Best of the Bunch is a book blog hop hosted over at Always Lost in Stories on the last day of each month, where we can look back over the books we have read over this past month and give a Best of the Bunch award to our favorite book of that month.
I didn’t post quite as many reviews as usual this month, but it’s not bad considering that I was on vacation for 10 days, did an editing job, and moved my blog to WordPress. A busy month!!
August 2014 Reviews:
- Stealing Parker by Miranda Kenneally | Review | Rating: 4/5
- The Legacy by Melissa Delport | Review | Rating: 4/5
- The Artful by Wilbert Stanton | Review | Rating: 4/5
- Breathe, Annie, Breathe by Miranda Kenneally | Review | Rating: 4.5/5
- Storm Siren by Mart Weber | Review | Rating: 5/5
- Fool’s Assassin by Robin Hobb | Review | Rating: 4/5
- Way of Kings by Brandon Sanderson | Review | Rating: 5/5
- Gypsy by Trisha Leigh | Review | Rating: 4/5
- Tested by Janelle Stalder | Review | Rating: 4/5
- The Jewel by Amy Ewing | Review | Rating: 4/5
- How I Fall by Anne Eliot | Review | Rating: 4.5/5
- Scorched by Mari Mancusi | Review | Rating: 4.5/5
And August’s Best of the Bunch winner is:
I struggled a bit with this month’s choice, but decided that Way of Kings feels to me like it has more potential to be the start of a series I will truly love in the long run, so that’s why I chose that one.
Roshar is a world of stone and storms.

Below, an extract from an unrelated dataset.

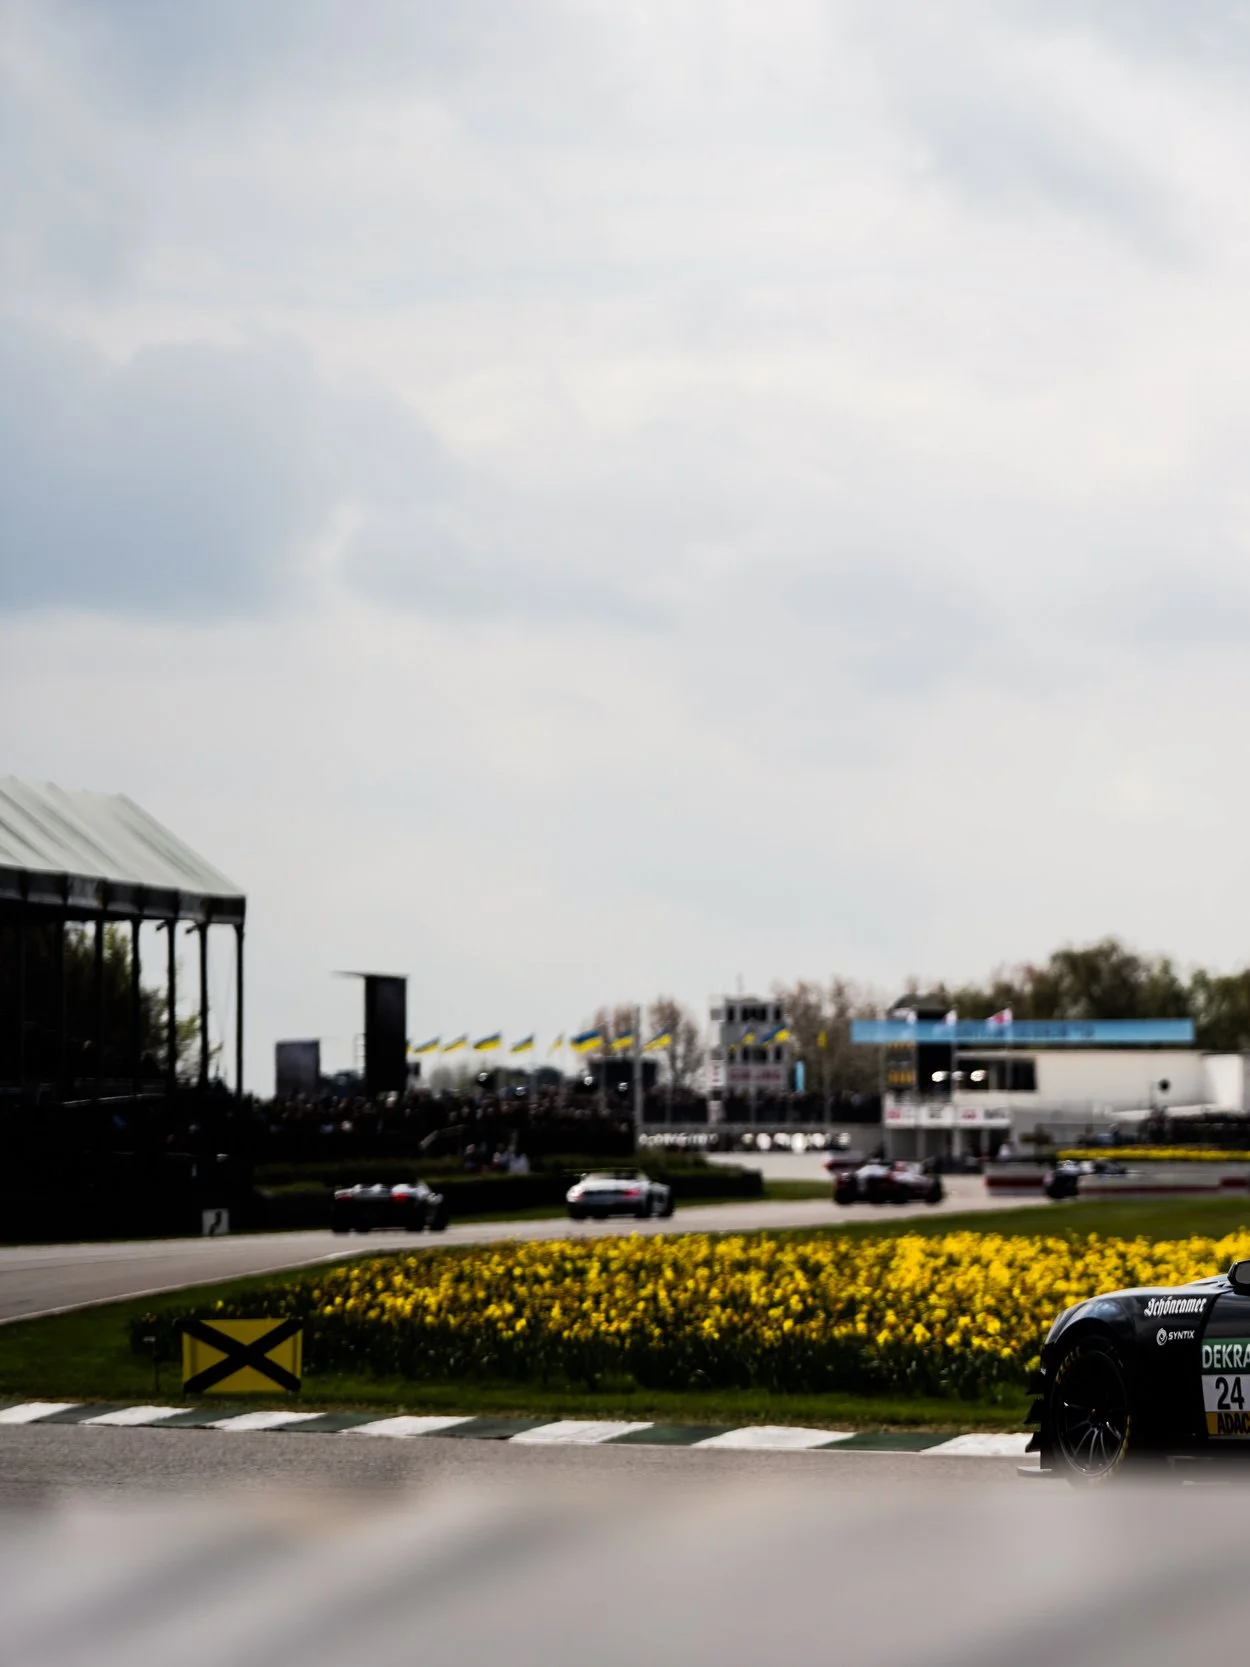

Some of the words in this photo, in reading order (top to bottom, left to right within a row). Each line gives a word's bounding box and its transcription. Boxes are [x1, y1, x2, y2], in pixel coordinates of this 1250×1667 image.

Uncanny tempests of incredible power sweep across the rocky terrain so frequently that they have shaped ecology and civilization alike. Animals hide in shells, trees pull in branches, and grass retracts into the soiless ground. Cities are built only where the topography offers shelter.

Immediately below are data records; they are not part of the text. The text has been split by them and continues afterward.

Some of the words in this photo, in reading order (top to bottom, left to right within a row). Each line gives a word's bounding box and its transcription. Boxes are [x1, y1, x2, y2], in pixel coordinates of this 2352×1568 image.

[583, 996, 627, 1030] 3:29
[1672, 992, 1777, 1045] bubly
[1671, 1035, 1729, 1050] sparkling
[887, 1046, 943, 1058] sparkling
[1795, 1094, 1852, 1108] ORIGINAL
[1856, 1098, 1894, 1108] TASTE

It has been centuries since the fall of the ten consecrated orders known as the Knights Radiant, but their Shardblades and Shardplate remain: mystical swords and suits of armor that transform ordinary men into near-invincible warriors. Men trade kingdoms for Shardblades. Wars were fought for them, and won by them.
One such war rages on a ruined landscape called the Shattered Plains. There, Kaladin, who traded his medical apprenticeship for a spear to protect his little brother, has been reduced to slavery. In a war that makes no sense, where ten armies fight separately against a single foe, he struggles to save his men and to fathom the leaders who consider them expendable.